А потом стало ясно, что перед князем остался только один из врагов. Он почти не заметил, как рубанул одному по руке, причем крепко рубанул, хотя и не отсек ее полностью, а второго, зазевавшегося погнутого пробил-таки отмашкой снизу, той задней верхней третью клинка, которую по давнему кавалерийскому обычаю тоже затачивал. Отмашка эта получилась не вполне, но все же мускулы противника где-то вверху его неумеренно выставленной ноги зацепила, князь даже рукоятью почувствовал, как самый кончик сабли задел, кажется, кость, твердую и неподатливую, как выдержанное дерево.
Но возвращал клинок Диодор слишком долго, даже в этой темноте, последний из его противников, самый точный и умелый, ударил-таки, едва ли не от плеча, чтобы получилось посильнее, едва ли не со скачком вперед, чтобы наверняка… Вот только князь успел согнуться и уйти вправо, а потом развернулся на месте, едва не зацепив набирающим скорость и силу кинжалом стену оказавшегося чрезмерно близко дома, и всадил так, как мясник режет мясо, всей тяжестью, в брюшину незадачливого тыкальщика… Крови в нем оказалось столько, что она попала на лицо князя, на его грудь, но самое скверное было то, что ее очень много оказалось на рукояти его сабли.
Князь попробовал выдернуть кинжал, но он засел так глубоко, что они стояли с противником несколько долгих мгновений, раскачиваясь, и этими своими рывками князь удерживал его на ногах. Тогда, бросив кинжал, князь развернулся с одной саблей в сторону двора. Он подумал, если бы кто-нибудь из врагов оказался перед ним, его песенка на этом свете была бы спета, пока он тут вместо боя борьбу какую-то затеял… Без сомнения, такую возможность не упустил бы, кажется, и безногий однорукий калека, причем он не сумел бы ему помешать, потому что был блокирован медленно валившимся на него, уже умирающим врагом.

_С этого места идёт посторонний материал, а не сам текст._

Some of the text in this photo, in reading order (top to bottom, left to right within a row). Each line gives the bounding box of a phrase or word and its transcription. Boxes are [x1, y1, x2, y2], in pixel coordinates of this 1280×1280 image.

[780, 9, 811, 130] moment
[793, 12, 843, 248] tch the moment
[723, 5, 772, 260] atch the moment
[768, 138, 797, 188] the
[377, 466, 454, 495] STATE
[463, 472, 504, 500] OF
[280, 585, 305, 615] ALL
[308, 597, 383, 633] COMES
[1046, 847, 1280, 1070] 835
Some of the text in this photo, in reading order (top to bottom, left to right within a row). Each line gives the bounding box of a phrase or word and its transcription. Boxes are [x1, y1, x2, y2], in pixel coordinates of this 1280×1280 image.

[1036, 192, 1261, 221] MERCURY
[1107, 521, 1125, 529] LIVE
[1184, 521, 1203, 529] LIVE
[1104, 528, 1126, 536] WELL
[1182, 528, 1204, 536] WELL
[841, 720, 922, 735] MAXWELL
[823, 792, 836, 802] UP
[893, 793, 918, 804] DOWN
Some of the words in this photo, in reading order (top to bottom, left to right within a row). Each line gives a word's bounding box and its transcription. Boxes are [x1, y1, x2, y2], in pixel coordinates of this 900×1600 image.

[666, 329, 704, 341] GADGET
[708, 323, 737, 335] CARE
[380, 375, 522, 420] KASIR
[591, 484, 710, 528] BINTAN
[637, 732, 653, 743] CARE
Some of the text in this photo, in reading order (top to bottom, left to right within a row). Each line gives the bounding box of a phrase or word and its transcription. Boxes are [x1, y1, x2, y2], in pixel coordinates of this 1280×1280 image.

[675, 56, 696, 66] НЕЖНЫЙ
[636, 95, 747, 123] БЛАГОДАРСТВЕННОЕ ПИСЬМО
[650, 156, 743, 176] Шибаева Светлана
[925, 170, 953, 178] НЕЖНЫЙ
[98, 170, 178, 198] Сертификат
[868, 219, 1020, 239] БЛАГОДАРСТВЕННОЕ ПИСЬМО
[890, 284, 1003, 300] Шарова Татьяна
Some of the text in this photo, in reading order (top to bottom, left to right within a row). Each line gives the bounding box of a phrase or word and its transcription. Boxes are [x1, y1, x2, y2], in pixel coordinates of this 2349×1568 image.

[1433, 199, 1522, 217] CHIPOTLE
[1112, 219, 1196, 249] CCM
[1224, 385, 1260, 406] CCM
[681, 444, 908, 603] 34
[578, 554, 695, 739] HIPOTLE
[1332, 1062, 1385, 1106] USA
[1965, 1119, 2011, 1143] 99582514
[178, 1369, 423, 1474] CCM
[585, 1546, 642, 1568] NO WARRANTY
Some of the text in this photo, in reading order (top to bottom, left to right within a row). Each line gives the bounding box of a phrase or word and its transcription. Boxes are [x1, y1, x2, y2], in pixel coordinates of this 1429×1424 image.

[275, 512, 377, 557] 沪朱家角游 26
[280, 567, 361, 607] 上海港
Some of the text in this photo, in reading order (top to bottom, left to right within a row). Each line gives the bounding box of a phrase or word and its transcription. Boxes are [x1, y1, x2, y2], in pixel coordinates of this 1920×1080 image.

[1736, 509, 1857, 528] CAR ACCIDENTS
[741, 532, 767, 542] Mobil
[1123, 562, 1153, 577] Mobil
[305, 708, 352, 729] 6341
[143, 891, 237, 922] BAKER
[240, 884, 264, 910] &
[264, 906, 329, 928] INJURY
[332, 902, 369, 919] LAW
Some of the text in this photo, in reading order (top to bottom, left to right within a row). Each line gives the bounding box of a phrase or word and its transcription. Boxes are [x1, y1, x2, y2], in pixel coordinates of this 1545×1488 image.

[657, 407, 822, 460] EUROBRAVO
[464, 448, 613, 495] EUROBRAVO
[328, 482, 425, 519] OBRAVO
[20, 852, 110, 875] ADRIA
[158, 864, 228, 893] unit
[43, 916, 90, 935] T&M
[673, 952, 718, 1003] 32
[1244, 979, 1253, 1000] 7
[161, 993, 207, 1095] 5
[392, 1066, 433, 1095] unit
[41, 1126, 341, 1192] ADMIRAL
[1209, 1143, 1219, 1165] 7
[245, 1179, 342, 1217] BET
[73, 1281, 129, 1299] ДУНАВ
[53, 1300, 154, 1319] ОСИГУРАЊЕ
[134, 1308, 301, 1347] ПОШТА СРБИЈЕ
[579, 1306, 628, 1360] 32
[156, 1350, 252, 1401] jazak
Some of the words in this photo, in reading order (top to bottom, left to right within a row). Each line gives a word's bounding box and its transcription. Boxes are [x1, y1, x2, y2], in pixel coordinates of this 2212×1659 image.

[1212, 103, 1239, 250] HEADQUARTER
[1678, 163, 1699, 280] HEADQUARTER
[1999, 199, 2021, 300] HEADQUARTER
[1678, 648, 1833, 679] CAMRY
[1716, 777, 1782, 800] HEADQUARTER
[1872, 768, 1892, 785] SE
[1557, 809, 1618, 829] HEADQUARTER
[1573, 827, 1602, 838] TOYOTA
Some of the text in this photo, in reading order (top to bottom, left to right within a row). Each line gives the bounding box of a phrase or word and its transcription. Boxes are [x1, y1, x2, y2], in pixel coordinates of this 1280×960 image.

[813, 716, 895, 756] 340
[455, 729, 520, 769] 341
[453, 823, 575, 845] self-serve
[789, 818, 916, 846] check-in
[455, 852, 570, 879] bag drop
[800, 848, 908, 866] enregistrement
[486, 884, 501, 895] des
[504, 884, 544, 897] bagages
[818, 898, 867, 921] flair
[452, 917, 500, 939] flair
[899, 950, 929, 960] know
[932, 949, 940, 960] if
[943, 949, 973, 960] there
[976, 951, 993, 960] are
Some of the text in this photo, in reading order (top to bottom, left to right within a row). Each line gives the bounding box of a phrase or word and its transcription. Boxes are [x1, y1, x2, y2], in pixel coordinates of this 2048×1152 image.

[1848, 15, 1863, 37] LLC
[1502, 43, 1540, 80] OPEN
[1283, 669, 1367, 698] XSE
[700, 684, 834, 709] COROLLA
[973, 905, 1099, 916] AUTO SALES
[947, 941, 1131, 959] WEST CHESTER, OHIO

Он все же осмотрелся. Дерпен был впереди, Стырь пробовал подняться с колена, упираясь в землю своей саблей, словно костылем. Мерцание, которое разлилось во дворе от магических колб, бесполезно сникло куда-то, исчезло, словно его и не было никогда. Батюшка чуть опасливо, выставив вперед князев пистолет, переступал неширокими шагами в темноту, в которой, кажется, ни черта не видел.
Где-то в доме отчаянно голосили служанки, и еще кто-то отрывисто плакал, словно бы выплевывал из себя эти всхлипы. В окне, высунувшись чуть не до половины, висел посыльный мальчишка Креп, у него в руках тоже было что-то блестящее, но князя это не заинтересовало. Дерпен еще бился, еще звенел саблей против трех противников, каждый из которых, судя по неуверенным жестам, тоже был подранен, но они-то сражались, а князь – осматривался…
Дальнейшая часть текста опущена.